=== Section Start ===
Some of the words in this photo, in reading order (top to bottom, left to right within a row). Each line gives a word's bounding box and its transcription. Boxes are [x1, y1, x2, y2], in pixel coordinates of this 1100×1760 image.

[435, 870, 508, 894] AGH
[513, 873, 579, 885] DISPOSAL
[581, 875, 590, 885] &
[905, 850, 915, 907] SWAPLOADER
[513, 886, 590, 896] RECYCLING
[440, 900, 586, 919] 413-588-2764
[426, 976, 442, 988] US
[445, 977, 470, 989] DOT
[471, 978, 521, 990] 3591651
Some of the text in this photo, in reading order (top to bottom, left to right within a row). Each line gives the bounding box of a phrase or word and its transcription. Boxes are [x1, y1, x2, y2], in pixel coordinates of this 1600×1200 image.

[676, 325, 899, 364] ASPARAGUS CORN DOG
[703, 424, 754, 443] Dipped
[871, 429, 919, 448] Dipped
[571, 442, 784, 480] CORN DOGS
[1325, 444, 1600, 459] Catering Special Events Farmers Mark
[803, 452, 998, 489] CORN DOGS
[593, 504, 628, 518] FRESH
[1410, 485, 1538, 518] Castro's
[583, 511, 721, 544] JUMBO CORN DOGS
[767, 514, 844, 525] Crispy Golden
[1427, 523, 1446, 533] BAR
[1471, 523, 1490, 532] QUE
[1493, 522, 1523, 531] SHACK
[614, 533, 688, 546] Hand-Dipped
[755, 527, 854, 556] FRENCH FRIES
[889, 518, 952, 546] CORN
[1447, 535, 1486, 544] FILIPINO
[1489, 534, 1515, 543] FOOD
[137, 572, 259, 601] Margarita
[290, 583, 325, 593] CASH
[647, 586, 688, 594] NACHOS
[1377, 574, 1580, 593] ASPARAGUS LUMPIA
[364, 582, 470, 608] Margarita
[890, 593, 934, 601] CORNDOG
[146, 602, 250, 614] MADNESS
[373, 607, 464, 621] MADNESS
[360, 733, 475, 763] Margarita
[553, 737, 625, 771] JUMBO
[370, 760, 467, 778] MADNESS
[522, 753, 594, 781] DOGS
=== Section End ===
### WHAT NEEDS TO BE DONE
Copy every record shown above, exactly and completely.

### WRITTEN REPLY
Some of the words in this photo, in reading order (top to bottom, left to right within a row). Each line gives a word's bounding box and its transcription. Boxes are [x1, y1, x2, y2], in pixel coordinates of this 1100×1760 image.

[435, 870, 508, 894] AGH
[513, 873, 579, 885] DISPOSAL
[581, 875, 590, 885] &
[905, 850, 915, 907] SWAPLOADER
[513, 886, 590, 896] RECYCLING
[440, 900, 586, 919] 413-588-2764
[426, 976, 442, 988] US
[445, 977, 470, 989] DOT
[471, 978, 521, 990] 3591651
Some of the text in this photo, in reading order (top to bottom, left to right within a row). Each line gives the bounding box of a phrase or word and its transcription. Boxes are [x1, y1, x2, y2], in pixel coordinates of this 1600×1200 image.

[676, 325, 899, 364] ASPARAGUS CORN DOG
[703, 424, 754, 443] Dipped
[871, 429, 919, 448] Dipped
[571, 442, 784, 480] CORN DOGS
[1325, 444, 1600, 459] Catering Special Events Farmers Mark
[803, 452, 998, 489] CORN DOGS
[593, 504, 628, 518] FRESH
[1410, 485, 1538, 518] Castro's
[583, 511, 721, 544] JUMBO CORN DOGS
[767, 514, 844, 525] Crispy Golden
[1427, 523, 1446, 533] BAR
[1471, 523, 1490, 532] QUE
[1493, 522, 1523, 531] SHACK
[614, 533, 688, 546] Hand-Dipped
[755, 527, 854, 556] FRENCH FRIES
[889, 518, 952, 546] CORN
[1447, 535, 1486, 544] FILIPINO
[1489, 534, 1515, 543] FOOD
[137, 572, 259, 601] Margarita
[290, 583, 325, 593] CASH
[647, 586, 688, 594] NACHOS
[1377, 574, 1580, 593] ASPARAGUS LUMPIA
[364, 582, 470, 608] Margarita
[890, 593, 934, 601] CORNDOG
[146, 602, 250, 614] MADNESS
[373, 607, 464, 621] MADNESS
[360, 733, 475, 763] Margarita
[553, 737, 625, 771] JUMBO
[370, 760, 467, 778] MADNESS
[522, 753, 594, 781] DOGS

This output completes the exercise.